CONSTITUTIONAL CHARACTERISATION: EMBEDDING VALUE JUDGEMENTS ABOUT THE RELATIONSHIP BETWEEN THE LEGISLATURE AND THE JUDICIARY.
| Date | 01 August 2021 |
| Author | Stellios, James |
CONTENTS I Introduction II Constitutional Characterisation A Essential Character 1 Subject Matter Powers 2 Purposive Powers 3 Core versus Incidental 4 Summary B Definitional Character C Telescopic Character 1 Subject Matter Powers 2 Purposive Powers 3 Core versus Incidental Area D Summary III Value Judgements in Constitutional Characterisation IV Recent Cases: Core State Functions and Aliens A Core versus Incidental Areas of Subject Matter Powers B Characterisation of Subjects as Persons or Juristic Classifications V Conclusion I INTRODUCTION
In Australian constitutional law, the expression 'characterisation' has been used to describe the process of determining whether a Commonwealth law is supported by a federal head of power. In Grain Pool of Western Australia v Commonwealth ('Grain Pool'), (1) the High Court considered whether provisions of the Plant Variety Rights Act 1987 (Cth) and the Plant Breeder's Rights Act 1994 (Cth) were supported by s 51(xviii) of the Constitution. (2) That power authorises the enactment of laws with respect to 'copyrights, patents of inventions and designs, and trade marks'. (3) On the question of characterisation, the joint judgment of Gleeson CJ, Gaudron, McHugh, Gummow, Hayne and Callinan JJ said:
The general principles which are to be applied to determine whether a law is with respect to a head of legislative power such as s 51(xviii) are well settled. They include the following. First, the constitutional text is to be construed 'with all the generality which the words used admit'. Here the words used are 'patents of inventions'. This, by 1900, was 'a recognised category of legislation (as taxation, bankruptcy), and when the validity of such legislation is in question the task is to consider whether it 'answers the description, and to disregard purpose or object.

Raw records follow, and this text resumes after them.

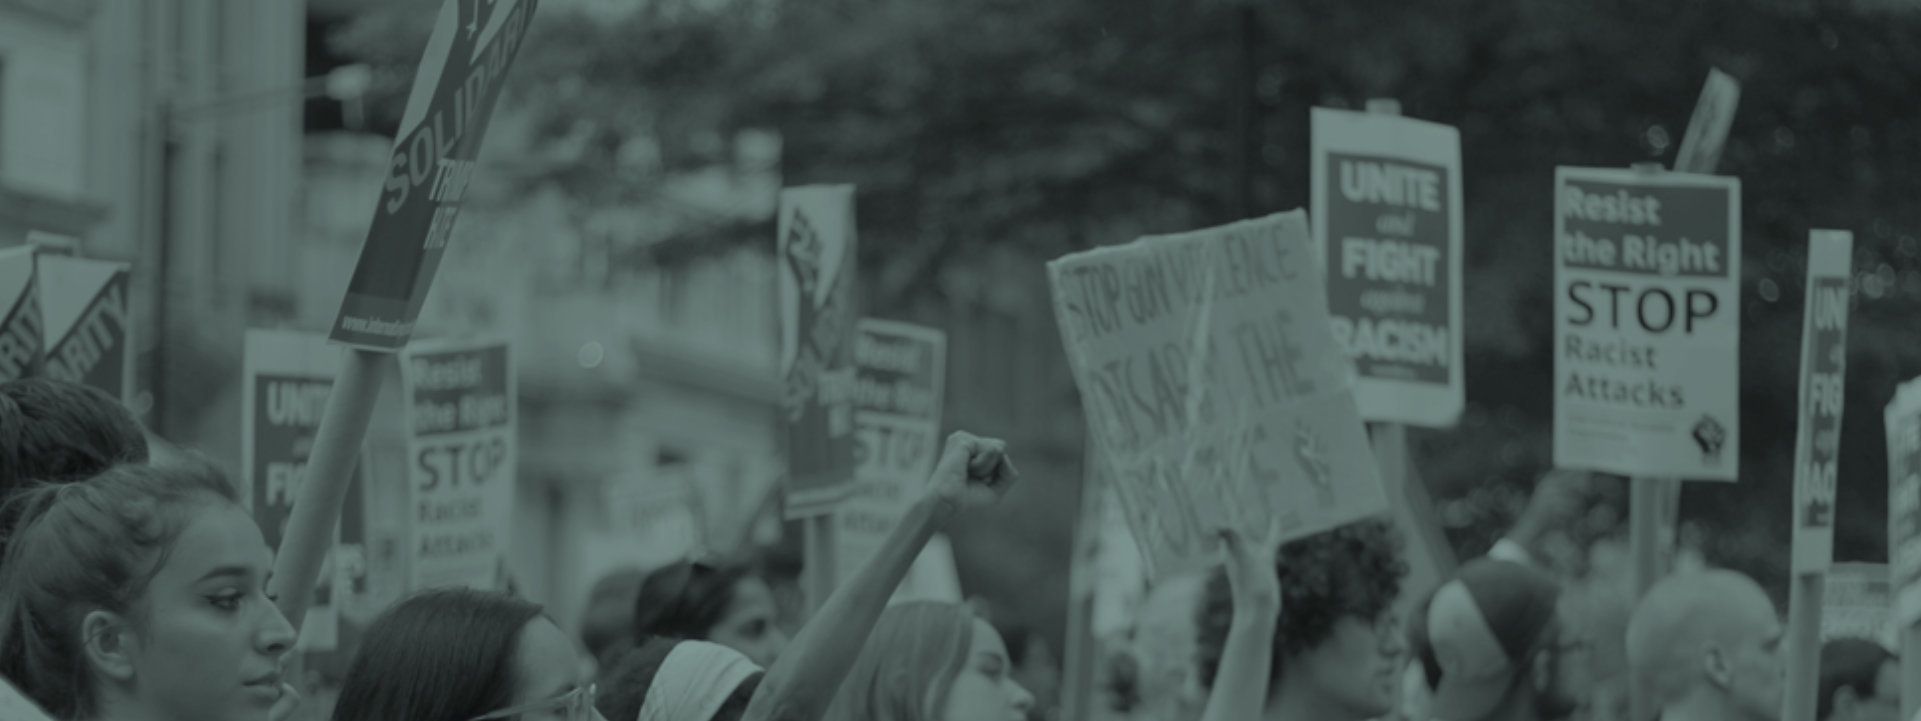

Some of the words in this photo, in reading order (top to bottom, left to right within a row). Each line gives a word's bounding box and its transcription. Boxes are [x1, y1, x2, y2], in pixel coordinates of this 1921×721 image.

[387, 0, 536, 215] SOLIDARI
[1340, 159, 1440, 212] UNITE
[1563, 186, 1662, 226] Resist
[1342, 237, 1441, 287] FIGHT
[1562, 231, 1615, 266] the
[1623, 234, 1720, 277] Right
[1566, 279, 1719, 335] STOP
[1228, 308, 1315, 408] THE
[1329, 317, 1447, 366] RACISM
[1564, 332, 1657, 370] Racist
[266, 380, 335, 426] UNIT
[1563, 371, 1686, 411] Attacks
[417, 439, 505, 493] STOP
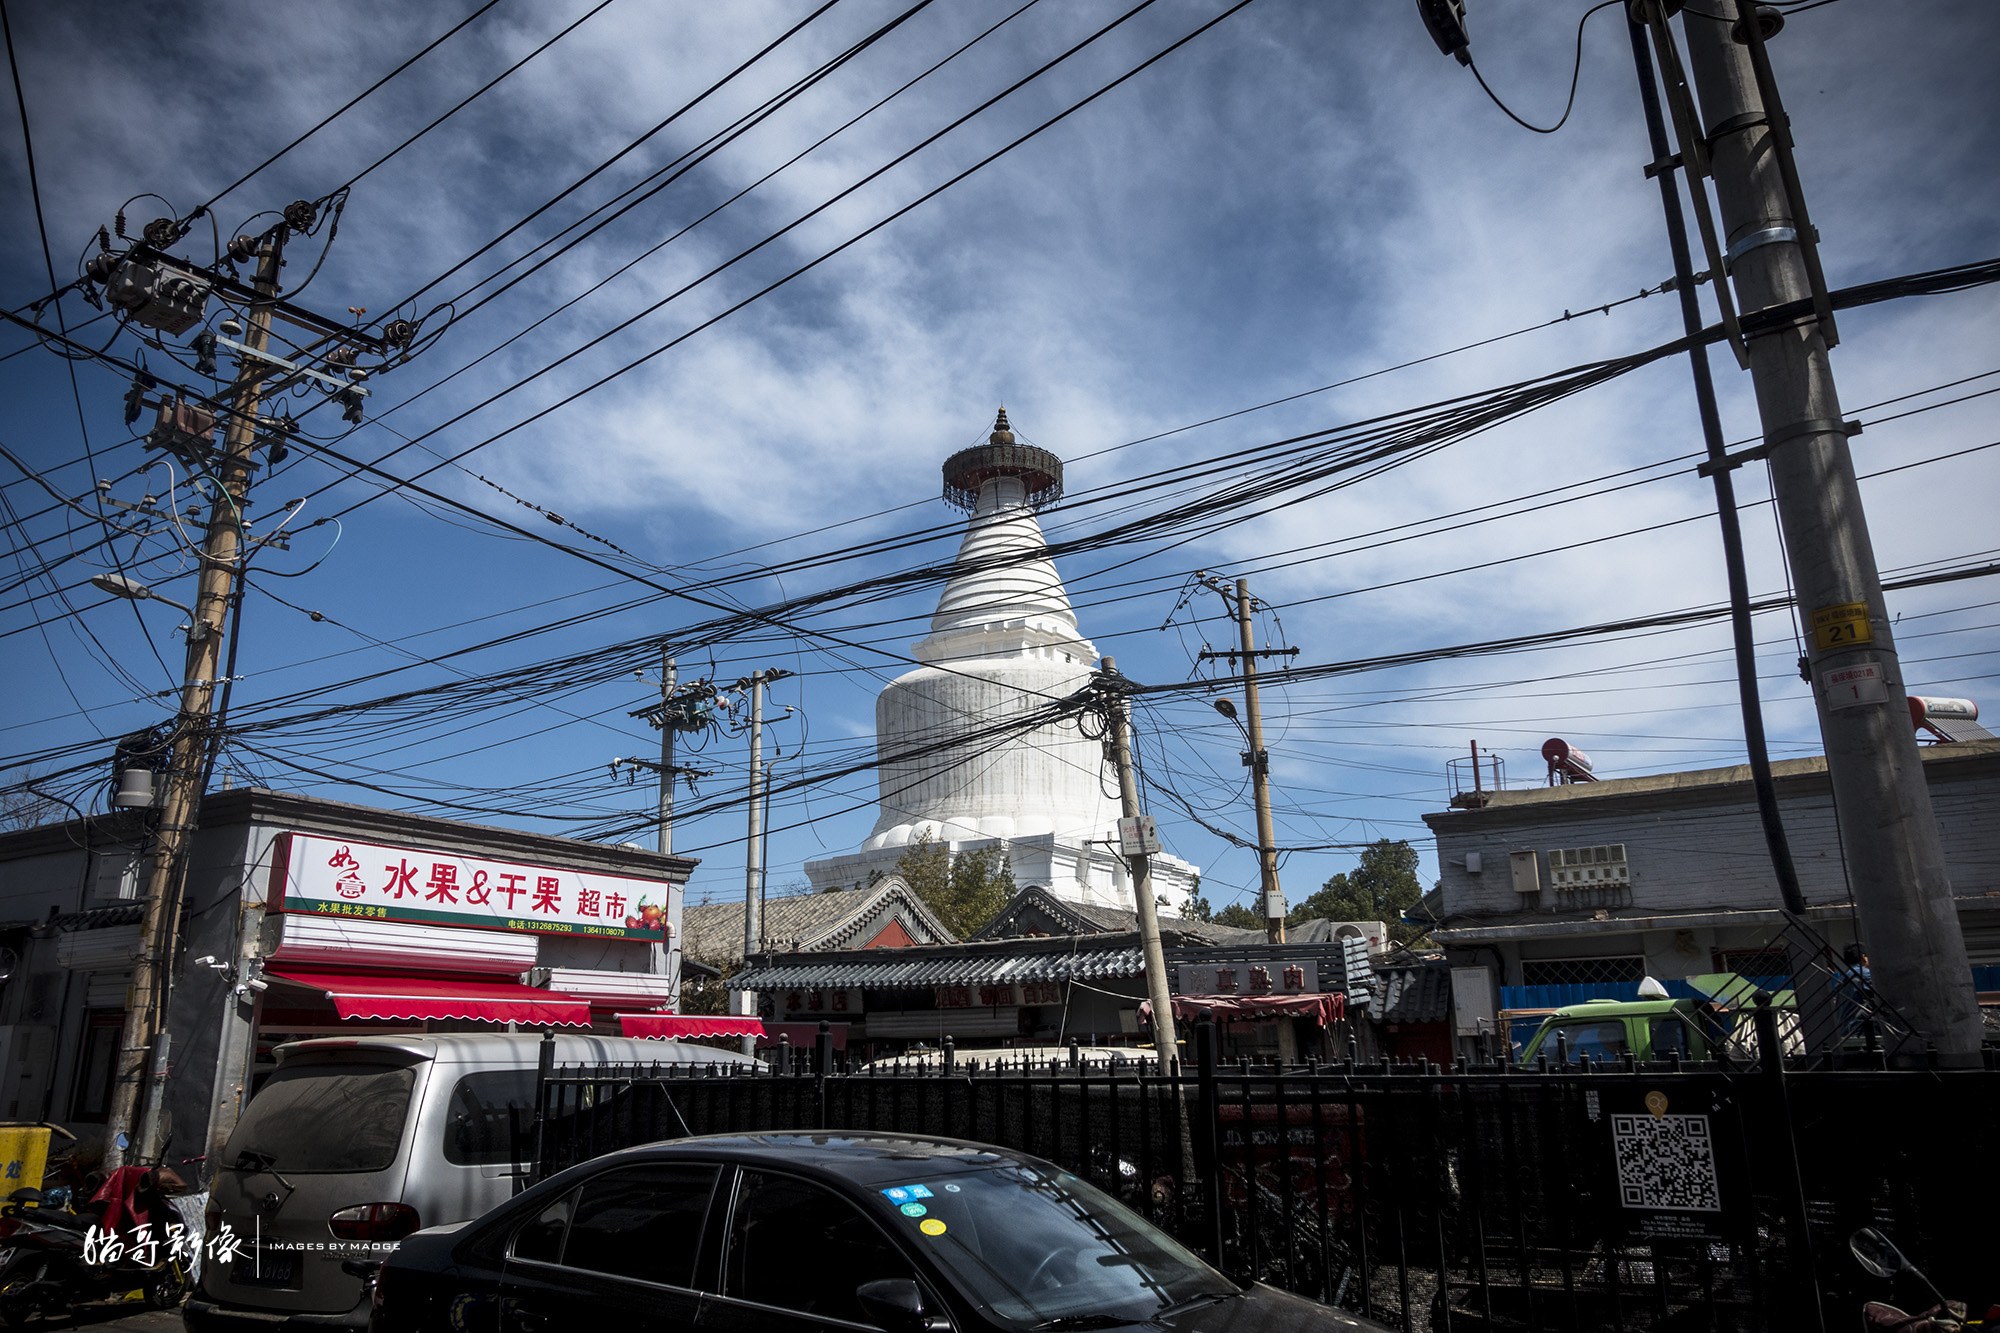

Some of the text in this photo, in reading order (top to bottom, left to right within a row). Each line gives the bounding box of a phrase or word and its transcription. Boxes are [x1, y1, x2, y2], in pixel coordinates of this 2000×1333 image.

[1829, 623, 1856, 642] 21
[1851, 684, 1859, 699] 1
[328, 845, 366, 899] 如意
[317, 901, 388, 918] 水果批发零售
[577, 888, 628, 920] 超市
[583, 926, 625, 937] 13641108079
[1019, 982, 1057, 1004] 百货

Secondly, the character of the law in question must be determined by reference to the rights, powers, liabilities, duties and privileges which it creates. Thirdly, the practical as well as the legal operation of the law must be examined to determine if there is a sufficient connection between the law and the head of power. Fourthly, as Mason and Deane JJ explained in Re F; Ex parte F: 'In a case where a law fairly answers the description of being a law with respect to two subject matters, one of which is and the other of which is not a subject matter appearing in s 51, it will be valid notwithstanding that there is no independent connection between the two subject matters.' Finally, if a sufficient connection with the head of power does exist, the justice and wisdom of the law, and the degree to which the means it adopts are necessary or desirable, are matters of legislative choice. (4) These statements of principle allude to various features of the characterisation process which are commonly reduced to three basic characterisation enquiries: first, the interpretation of the head of power; secondly, the determination of the character of the impugned statutory provision; and thirdly, the determination of a sufficient connection between the two. (5) Across these three enquiries, there are elements of both constitutional and statutory characterisation; only the former is the subject of this article.

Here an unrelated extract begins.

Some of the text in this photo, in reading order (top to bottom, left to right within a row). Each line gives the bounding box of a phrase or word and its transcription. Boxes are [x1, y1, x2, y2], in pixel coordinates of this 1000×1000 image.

This article has two main objectives. First, Part II will seek to explain that the constitutional characterisation enquiry can be organised into three distinct steps: what I call the essential character, the definitional character, and the telescopic character. Each step contributes to the reach of federal power. Secondly, Part III will elaborate on the proposition that this conceptual schema is not self-evident; instead, it shows the use of constitutional principles and rules to disguise value judgements about the relationship between the legislature and the judiciary. Some of that territory is well understood, but some of it is not, particularly choices made about the essential character of a power. Having developed these two main objectives, the article will turn in Part IV to reflect on the application of this schema through the lens of two recent High Court cases, Spence v Queensland ('Spence') (6) and Love v Commonwealth ('Love'). (7)
II CONSTITUTIONAL CHARACTERISATION
Other than Professor Leslie Zines's sophisticated analysis of characterisation in chs 2-4 of The High Court and the Constitution, (8) there has been little written about the constitutional characterisation process. (9) The purpose of this Part is to explore in more detail, and develop a schema of, constitutional characterisation principles. It will be explained that there are three distinct and sequential stages in that characterisation process. For convenience of taxonomical treatment, these steps are referred to as the essential character of a power, the definitional character of a power and the telescopic character of a power.
A Essential Character
The first step in the constitutional characterisation process is to classify a constitutional head of power into a category. Heads of power have been classified in different ways. At the highest level of generality, they have been characterised into two broad categories: subject matter and purposive powers. (10)
I Subject Matter Powers
In relation to subject matter powers, there have been various attempts to further classify subjects into subcategories. It was recognised very early that the subjects of powers could be classified as 'natural' or 'artificial'. In Attorney-General (NSW) ex rel Tooth & Co Ltd v Brewery Employes Union of NSW ('Union Label Case'), the High Court considered whether the reference to 'trade marks' in s 51(xviii) supported Commonwealth legislation authorising the use of workers' marks. (11) A majority held that, in 1900, 'trade marks' were a special class of property involving a right of dominion, (12) and that workers' marks did not satisfy that conception. (13) Thus, the impugned workers' marks provisions were held invalid. (14) As Griffith CJ said, Parliament could not 'by calling something else by the name of "trade mark", create a new and different kind of industrial property'. (15)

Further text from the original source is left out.